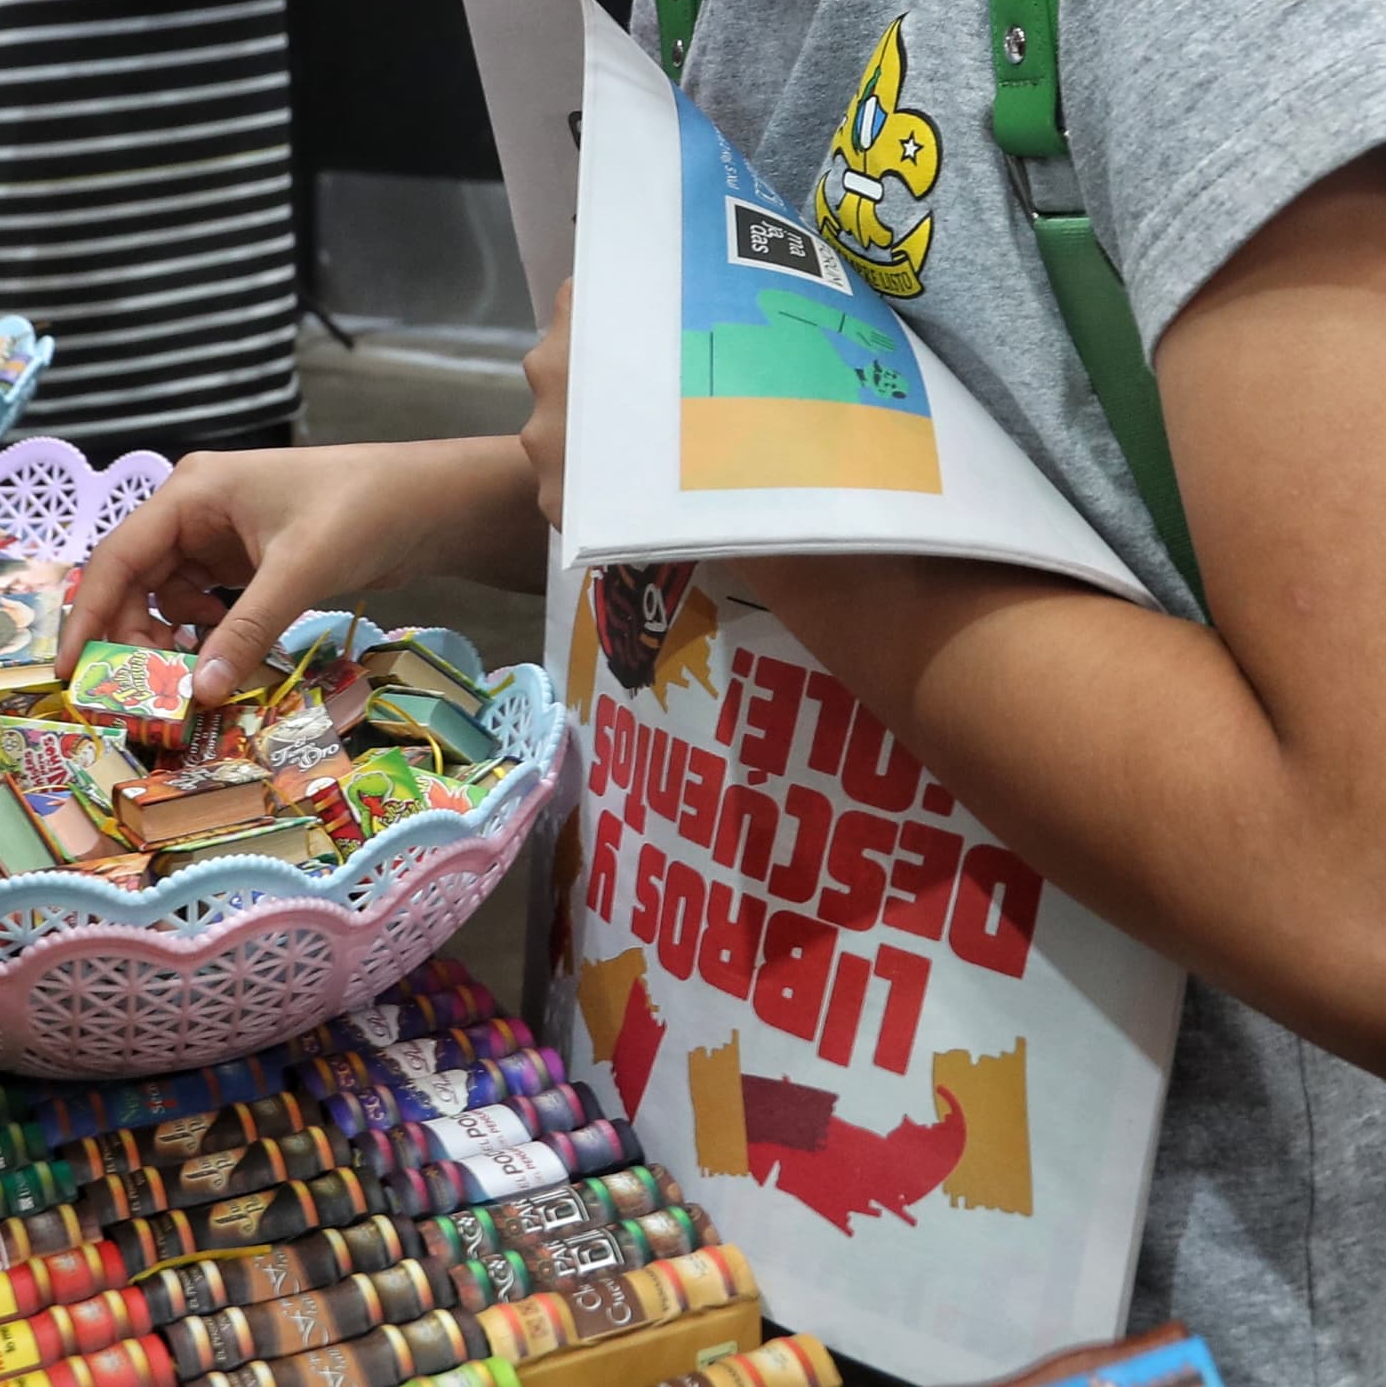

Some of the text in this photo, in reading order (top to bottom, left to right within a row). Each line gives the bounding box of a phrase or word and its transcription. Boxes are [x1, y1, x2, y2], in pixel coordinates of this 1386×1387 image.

[879, 271, 913, 292] LISTO
[587, 809, 931, 1075] LIBROS Y
[589, 694, 1043, 978] DESCUENTOS
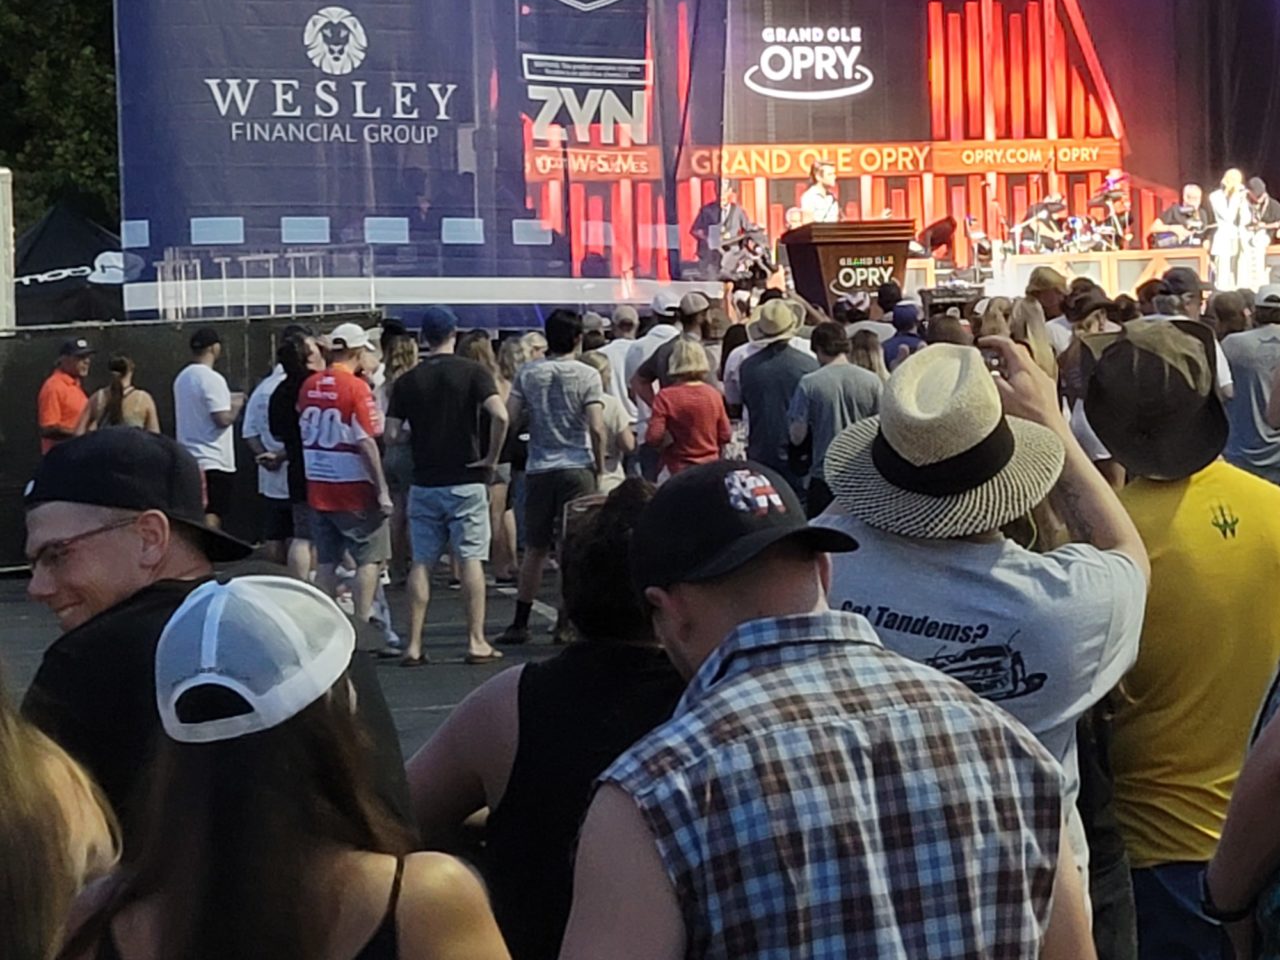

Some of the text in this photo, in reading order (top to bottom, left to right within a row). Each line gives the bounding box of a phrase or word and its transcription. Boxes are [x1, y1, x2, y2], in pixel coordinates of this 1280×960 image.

[762, 27, 862, 43] GRAND OLE
[204, 78, 458, 120] WESLEY
[528, 85, 649, 145] ZYN
[231, 121, 439, 144] FINANCIAL GROUP
[691, 145, 792, 176] GRAND
[859, 145, 931, 172] OPRY
[962, 147, 1042, 165] OPRY.COM
[1058, 146, 1100, 162] OPRY
[838, 266, 893, 288] OPRY
[874, 605, 990, 644] Tandems?
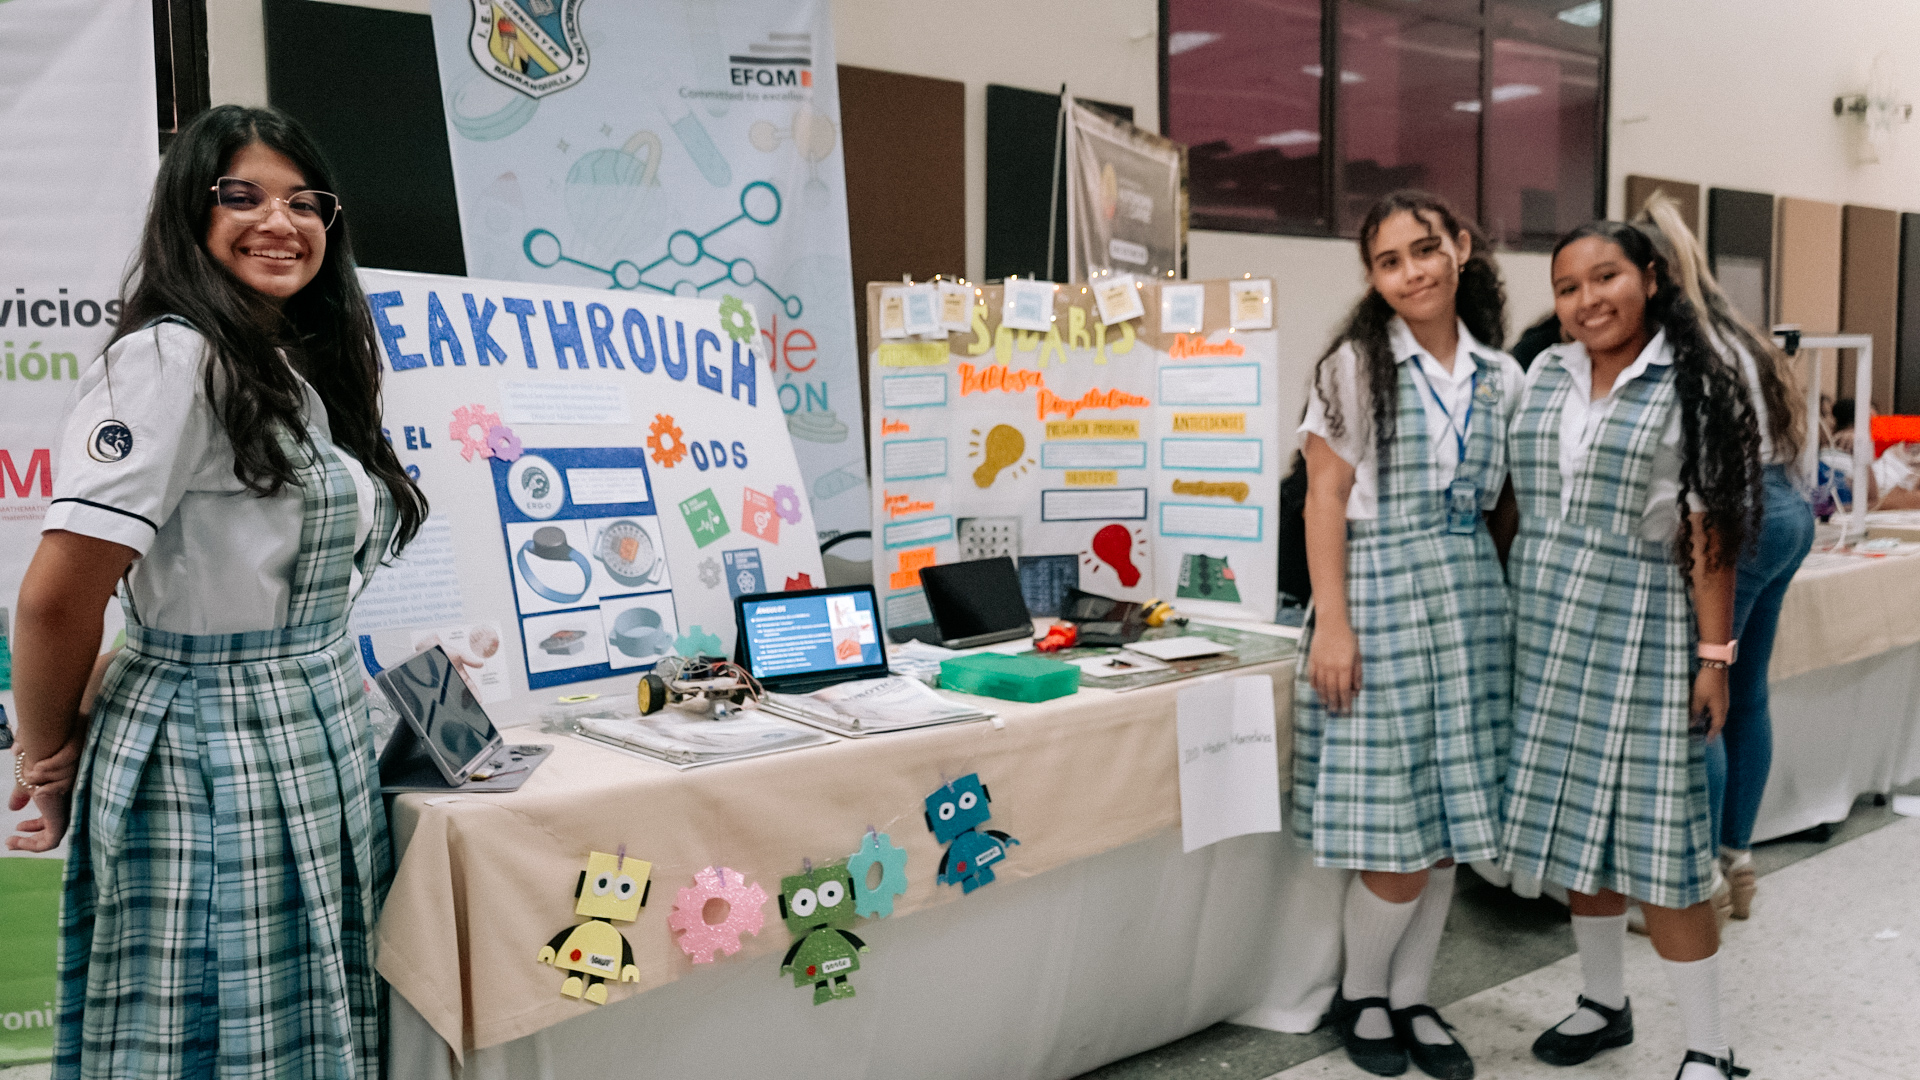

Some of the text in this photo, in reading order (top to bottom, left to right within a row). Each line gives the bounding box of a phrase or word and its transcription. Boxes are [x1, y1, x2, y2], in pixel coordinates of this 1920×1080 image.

[494, 65, 572, 91] BARRANQUILLA
[731, 67, 797, 87] EFQM
[0, 341, 79, 381] ión
[403, 426, 432, 450] EL
[691, 440, 748, 472] ODS
[0, 1001, 53, 1030] oni

Exercise objective:
Nothing but the records, copied exactly and stripped of pictures, should be returned.

Solution for this problem:
Some of the text in this photo, in reading order (top to bottom, left to right within a row). Each line gives the bounding box of a phrase or word and its transcription. Boxes are [x1, y1, x2, y2], in pixel coordinates of this 1386×1387 image.

[879, 271, 913, 292] LISTO
[587, 809, 931, 1075] LIBROS Y
[589, 694, 1043, 978] DESCUENTOS

Some of the text in this photo, in reading order (top to bottom, left to right within a row). Each line gives the bounding box of a phrase or word and its transcription. Boxes are [x1, y1, x2, y2], in pixel coordinates of this 1280×960 image.

[762, 27, 862, 43] GRAND OLE
[204, 78, 458, 120] WESLEY
[528, 85, 649, 145] ZYN
[231, 121, 439, 144] FINANCIAL GROUP
[691, 145, 792, 176] GRAND
[859, 145, 931, 172] OPRY
[962, 147, 1042, 165] OPRY.COM
[1058, 146, 1100, 162] OPRY
[838, 266, 893, 288] OPRY
[874, 605, 990, 644] Tandems?

Some of the text in this photo, in reading order (top to bottom, left to right within a row). Each line gives the bounding box of a phrase or word and its transcription. Boxes are [x1, y1, x2, y2], in pixel coordinates of this 1920×1080 image.

[494, 65, 572, 91] BARRANQUILLA
[731, 67, 797, 87] EFQM
[0, 341, 79, 381] ión
[403, 426, 432, 450] EL
[691, 440, 748, 472] ODS
[0, 1001, 53, 1030] oni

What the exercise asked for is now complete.